When you get your water turned back on so you can bathe and flush and cook your ramen noodles, your car dies. When you get your car fixed, you lose your job. You’re so busy scraping together money to live on and to patch the leaky holes (literal and figurative) that are popping up in every area of your life, it can be impossible to gain enough financial traction to actually get ahead. There’s no room for long-term planning when you have trouble getting by on a daily basis. There’s no saving when there’s nothing left to save.
People who aren’t poor cannot possibly “get it.”
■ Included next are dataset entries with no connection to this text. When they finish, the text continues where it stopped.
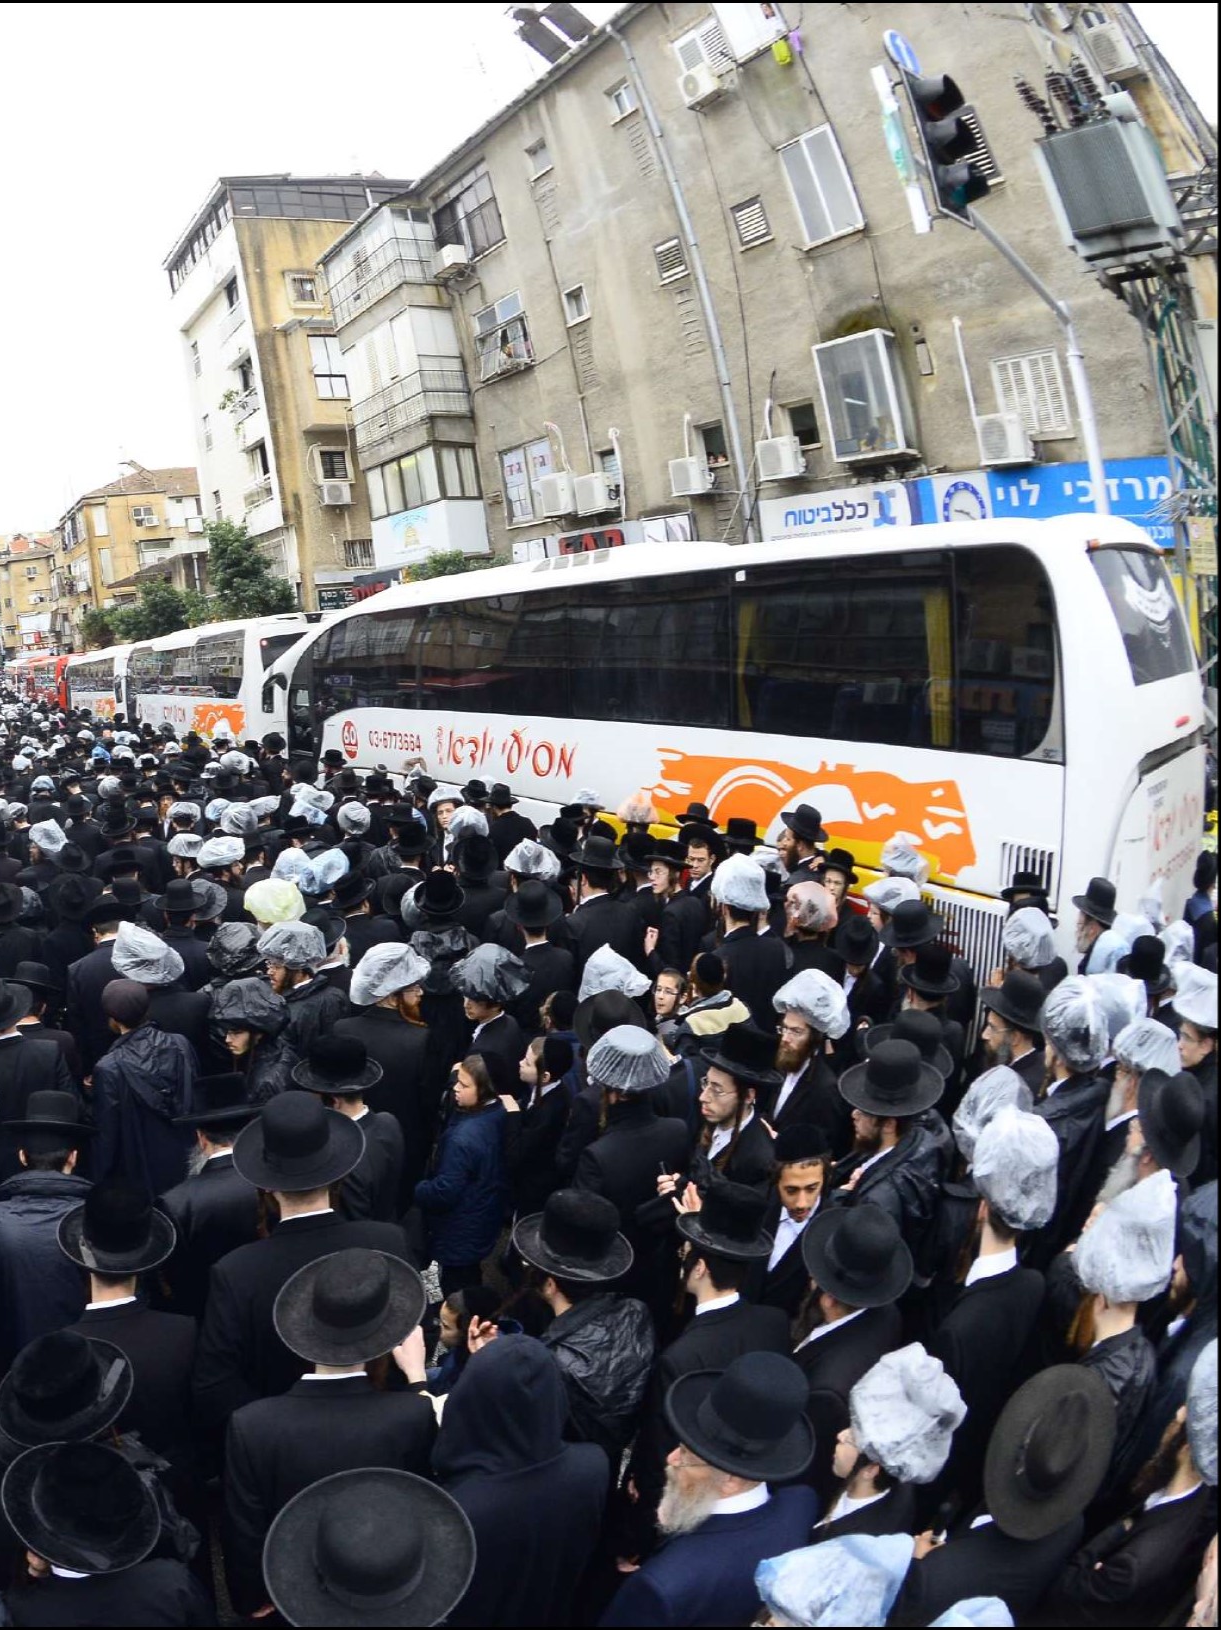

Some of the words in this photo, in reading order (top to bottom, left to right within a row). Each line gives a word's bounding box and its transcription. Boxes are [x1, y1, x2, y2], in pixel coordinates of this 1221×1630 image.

[996, 478, 1040, 507] לוי
[1063, 475, 1172, 503] מרדכי
[368, 729, 422, 753] 03-6773664
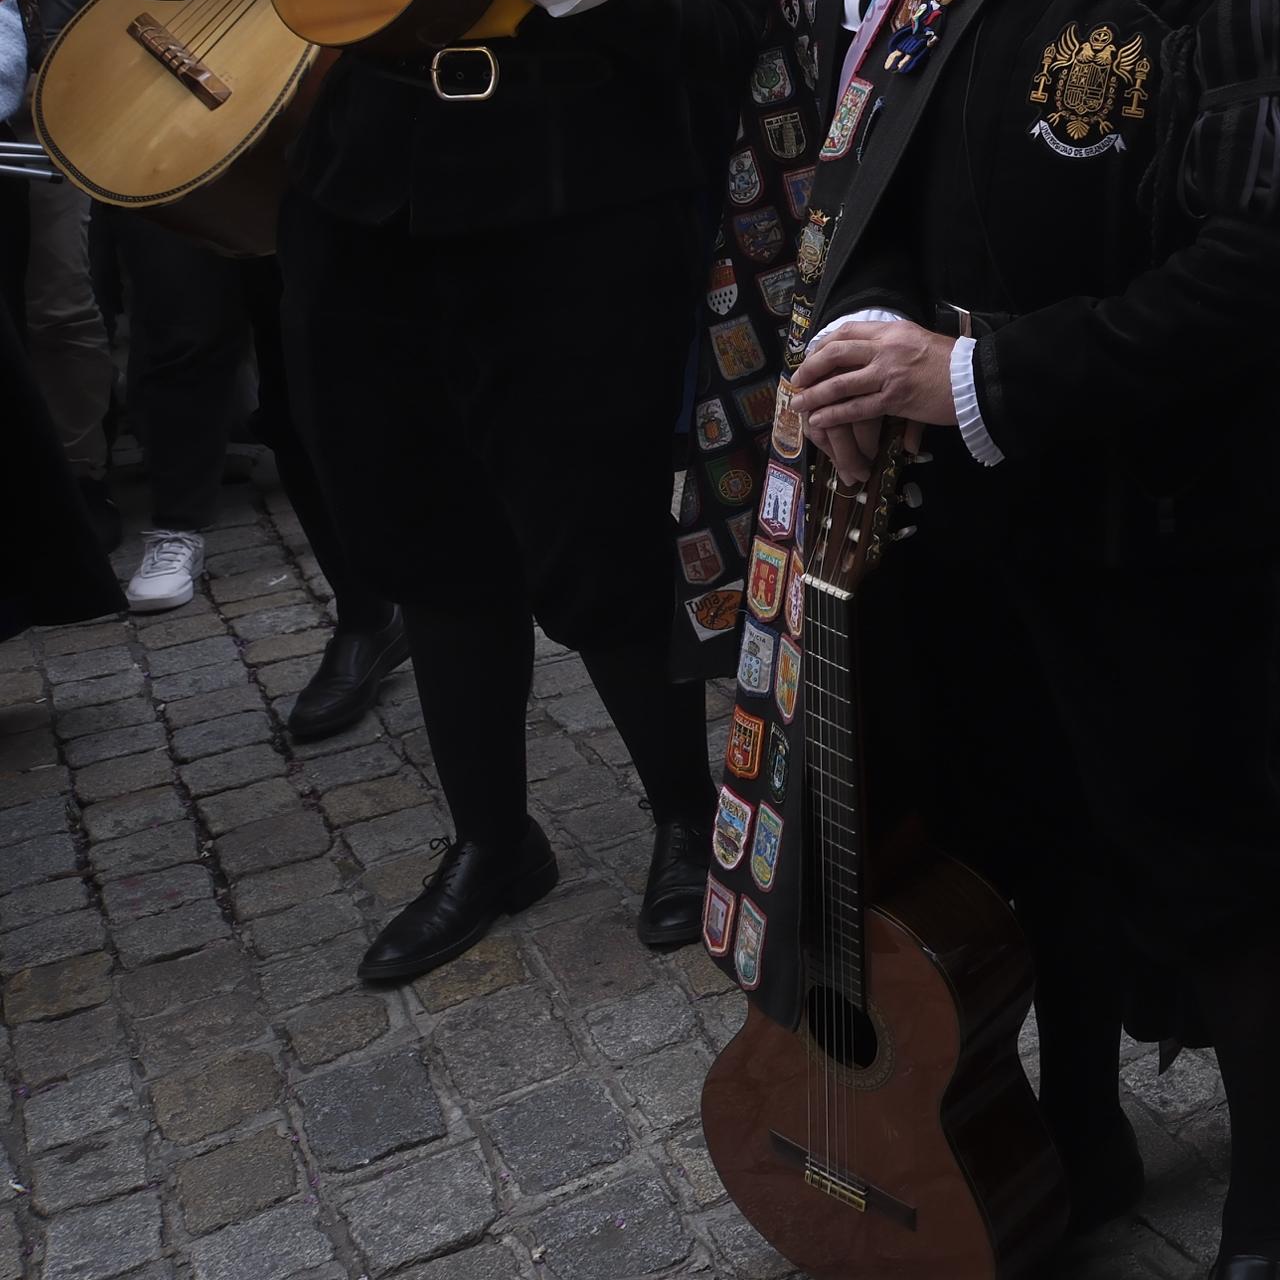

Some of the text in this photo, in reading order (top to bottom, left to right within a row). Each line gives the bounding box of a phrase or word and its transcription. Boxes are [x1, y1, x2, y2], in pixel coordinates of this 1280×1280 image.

[1041, 123, 1116, 157] UNIVERSIDAD DE GRANADA
[686, 591, 722, 615] Tuna
Even if you’re an openminded and nonjudgmental person who feels like you can effectively see things from another person’s perspective, there are facets of poverty that you’ll likely never think of. Like what happens when you’re about to start your period, but feminine hygiene products are fucking expensive and you have five bucks to your name and you’d also like to eat. Or you’ve got to choose between tampons and diapers.
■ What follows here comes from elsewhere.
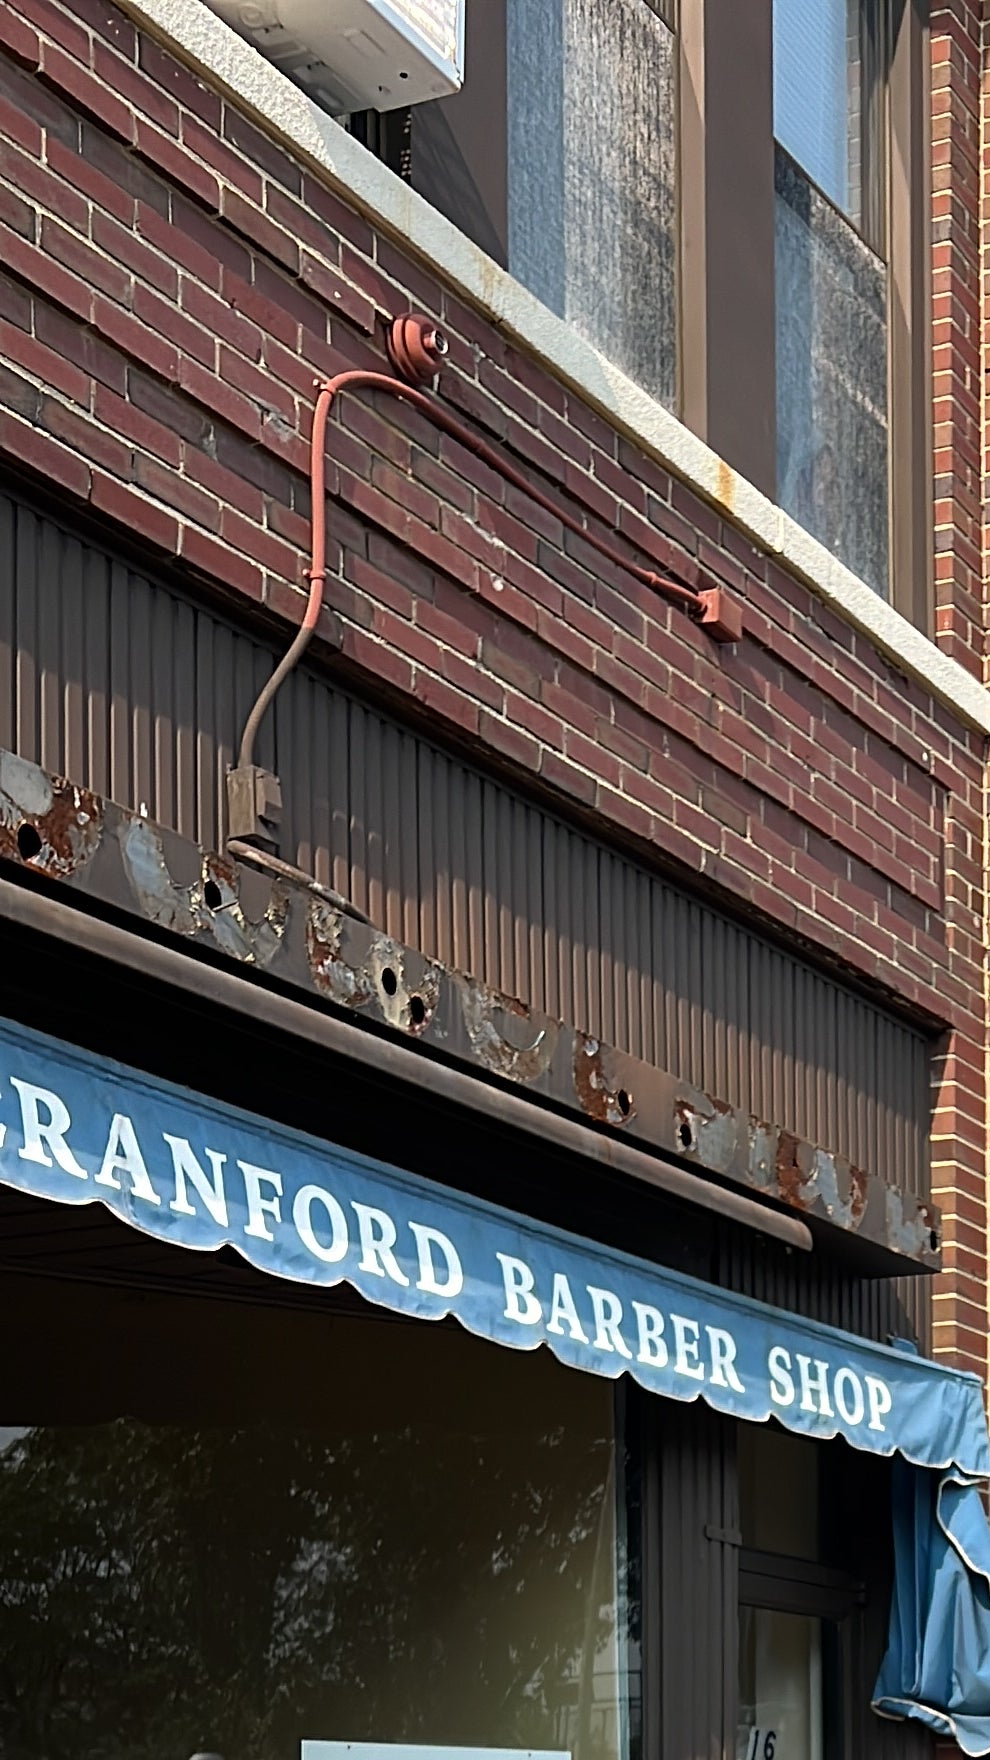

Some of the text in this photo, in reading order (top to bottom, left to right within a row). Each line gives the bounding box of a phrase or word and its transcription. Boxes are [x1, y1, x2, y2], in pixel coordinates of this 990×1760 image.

[0, 1076, 893, 1432] RANFORD BARBER SHOP
“Luxuries” are an important part of life.
So often, I hear people who have never experienced poverty grouse about things like, “If they’re so poor, how come they can afford cigarettes/phones/coffee/fast food?” The best way I can explain it is this: There’s a reason that people refer to shopping as “retail therapy” — sometimes it makes you feel better. When you’re poor, your entire life is lived laboring under a weighted blanket of stress, of judgment, of never having enough or being good enough. It is human nature to want — no, need — the occasional splurge, no matter how destitute you are. Don’t begrudge a poor person one of the only things that makes them feel a little closer to the rest of society.
It costs money to be poor.
I am admittedly no economist, but the way companies try to get extra money from people who don’t have any is something that has baffled me since childhood. Say you overdraw your bank account by $20. The bank then charges you a $35 overdraft fee, on top of the negative balance — so once you do manage to scrape up $50 to deposit, you’re still $5 short. Forget about buying anything in bulk, which is typically cheaper in the long run. Same with sales: You can’t take advantage of a lower price if you don’t have the money while the sale’s going on. There’s no good in a “buy one, get one free” if you can’t even buy one in the first place.
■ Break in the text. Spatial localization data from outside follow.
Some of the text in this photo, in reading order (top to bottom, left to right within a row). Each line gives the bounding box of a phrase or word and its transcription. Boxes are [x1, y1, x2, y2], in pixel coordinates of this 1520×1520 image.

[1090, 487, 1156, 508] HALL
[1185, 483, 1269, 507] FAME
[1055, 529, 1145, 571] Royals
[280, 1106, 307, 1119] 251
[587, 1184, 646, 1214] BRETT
Poor people don’t need sympathy; they need compassion.
If you were holding up a heavy weight, and your arms were burning and trembling, which would you be more grateful for: someone who came along and said, “Tsk, so sorry you’re holding that weight,” or someone who came along and helped take some of the burden off? Poor people don’t need anybody else to feel sorry for them. What they do need is someone to realize that they’re not poor because they’re lazy or stupid or bad — that they’re humans, just like anybody else, with the same needs and desires and hopes. They need people to donate and lend support to the programs that help them because there are far too many voices scoffing that they’re “just taking advantage.” They don’t need saviors — people who publicize what generous benefactors they are to make themselves look better. They need quiet understanding, and a willingness to share the resources that come so much more easily to people above the poverty line.
Fill a box with the things you take for granted: Coffee, candy, tampons, fabric softener, fuzzy socks. Rolls of quarters. Toilet paper. Take it to a shelter or a food bank or a poverty center. “Adopt” a family for the holidays, but don’t let your support stop when the holidays are over. Find ways to help all year long, even if it’s just little things.
Because for those in dire financial straits, even the little things are priceless.